Harry sighed. He supposed the key was to do something with the objects that lie all around him. Maybe glue some balloons to the umbrella, jump on the spring and hope to have it carry him over the wall? Would that even work?
Harry kept half-expecting the Hermione voice in his brain to come up with something, some suggestion on how to make this work, but it remained eerily silent, almost as if it grasped the gravity of the situation. Harry sighed. 'This is exactly the sort of thing that Hermione would be good at. If only she were here to help me...'
Then again, Harry thought, this was Hermione's brain. Her mind had only set up the obstacles to keep away people she didn't want in here, right? So maybe she was already helping him somehow. But how? Harry briefly considered the assortment of objects at his feet, but then shook his head clear of that idea. Hermione would know he'd never figure out how to use all of these. There had to be something here that was more important.
Wait. 'More important things'? Where had he heard that before? "Books and cleverness! There are more important things like friendship and bravery..." Bravery! The sword. Whatever it took to get past this, he needed the sword to do it.
There was only one problem with that. The wall of hot spikes was the very thing preventing him from getting the sword. So not a lot of help there.
Harry picked up some of the items, twirling the umbrella briefly over his head and rummaging through the box of balloons. "Cleverness..." he said aloud, although he wasn't entirely sure why. His eyes found the wall again. "And bravery." In the space of that moment, he realized what he had to do.

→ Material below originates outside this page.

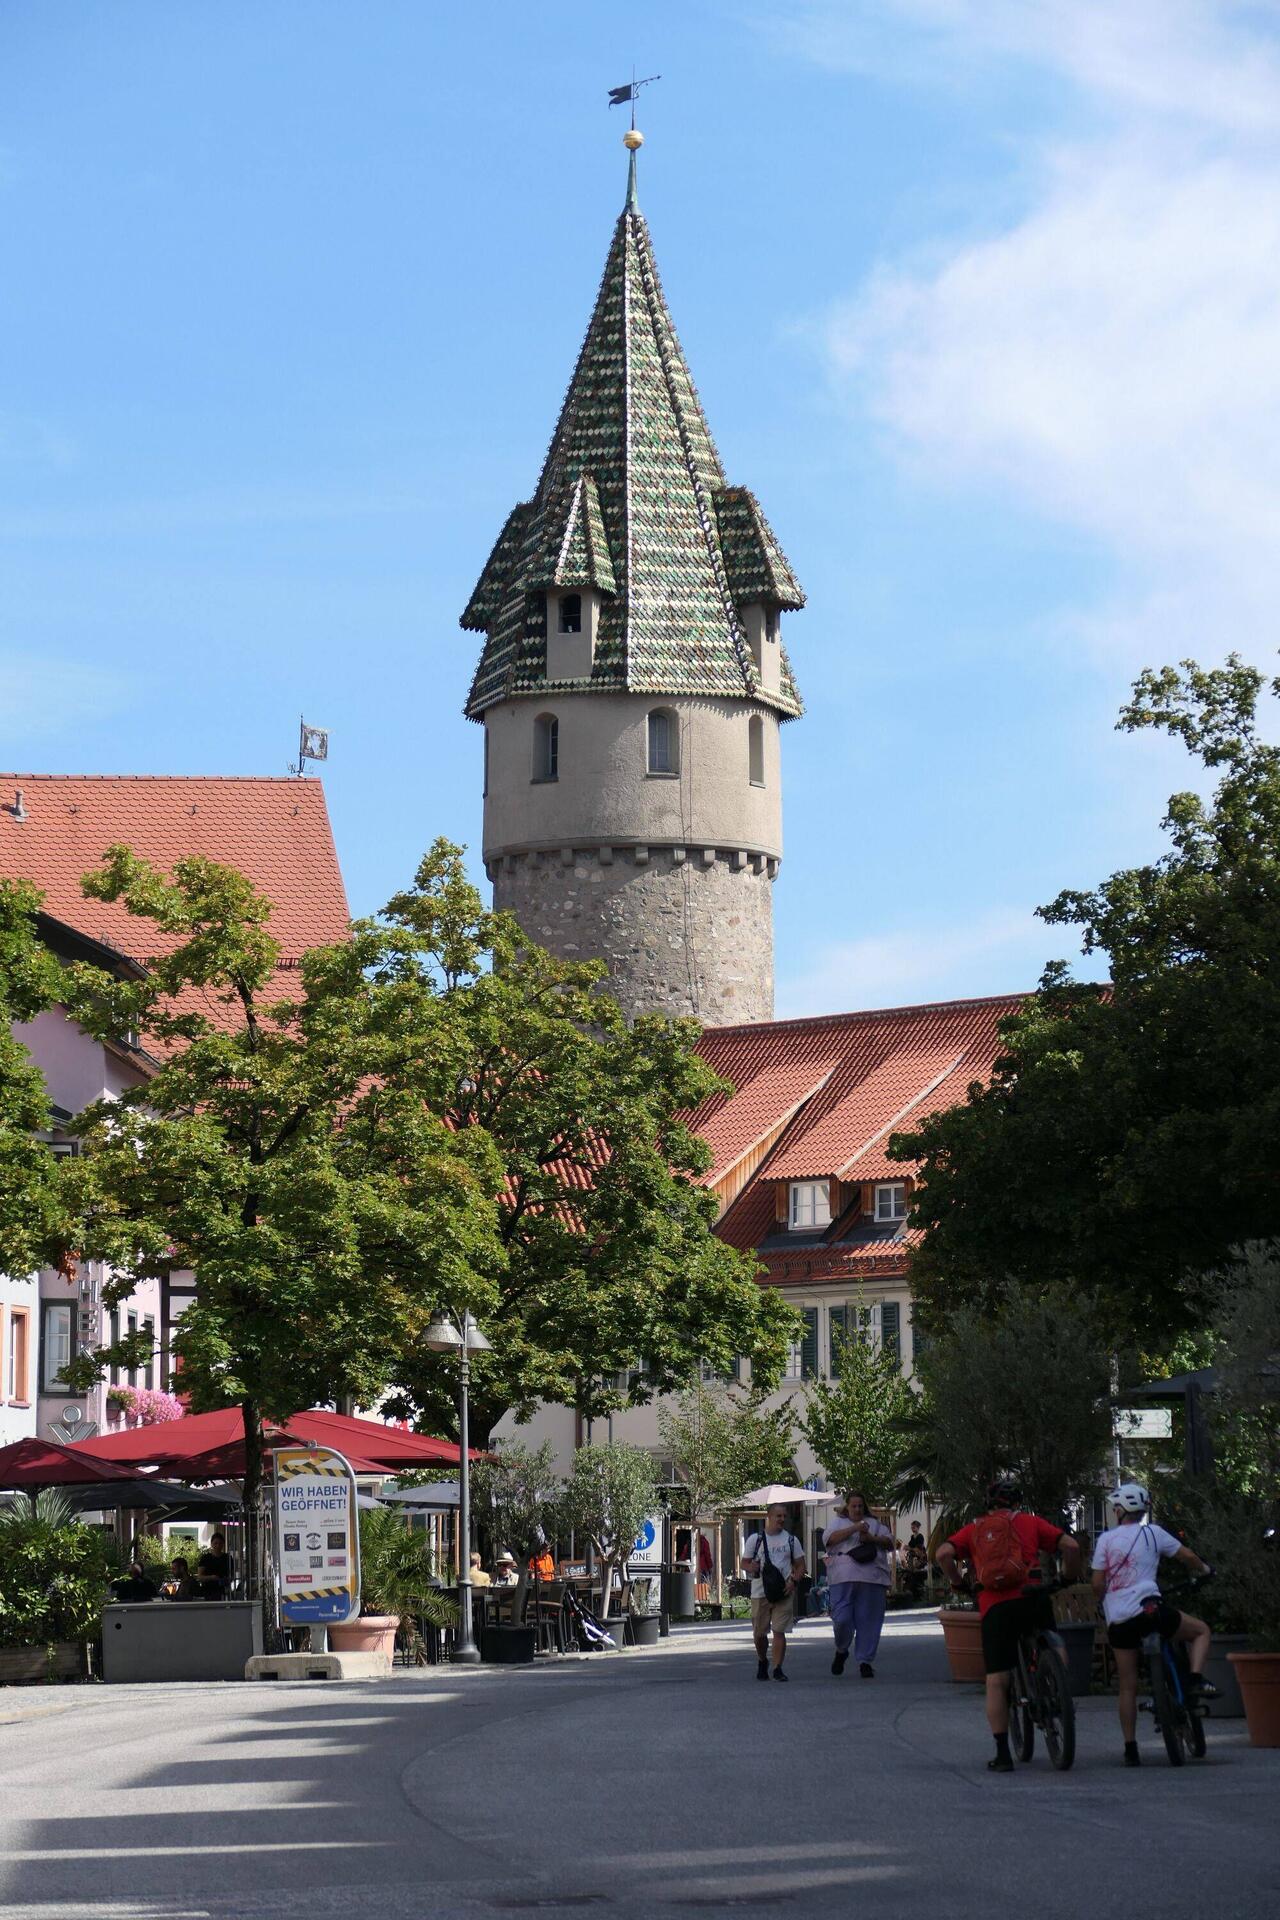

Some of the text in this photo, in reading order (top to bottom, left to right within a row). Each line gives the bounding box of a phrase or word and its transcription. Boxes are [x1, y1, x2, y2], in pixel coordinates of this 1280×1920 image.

[281, 1485, 347, 1497] WIR HABEN
[281, 1497, 346, 1511] GEÖFFNET!
[628, 1552, 652, 1561] ONE

Wrapping some small amount of his robes around each of his hands, Harry grabbed onto the tallest metallic spikes he could hold and began climbing the wall. The searing heat burned his palms even through the cloth and the sharp metal tips cut into his hands a few times, but Harry never stopped, constantly reminding himself that none of this was physically real. He might wake up with one doozy of a headache later, but he probably would anyway. He was actually doing quite well with compartmentalizing the pain (he suspected his experiences with the Cruciatus curse might have helped) when he slipped slightly and one of the spikes plunged into his side.
The noise Harry made was somewhere between a bellow and a squeal. Instinctively, his hands clutched the top of the wall, pulling himself upward, as he forced himself to ignore the hot stabbing pain near his ribcage. Sitting on top of the barrier in triumph, his right hand reached out and took hold of the sword, its weight as he held it up nearly making him crumple to the ground. Harry managed not to fall, however, and soon felt the wall below him disappear.
The scene around him changed suddenly and Harry looked around to find himself in a room full of flying keys. 'This is just like Madam Hooch's protection for the Philosopher's Stone,' Harry thought, remembering back once again to that fateful day in first year when he had faced Voldemort for the first time. Using the sword to steady himself as he clutched his wound with the other hand, he moved to get a good look at another object which appeared to be blocking his path. It was a large jewel-encrusted shield with the word 'KNOWLEDGE' written across the crest.
Harry put his fingers to the glass encasement surrounding it and read the message attached. "Only the key with the name dearest to her heart shall open it." A large brass padlock hung over the case, preventing him from opening it.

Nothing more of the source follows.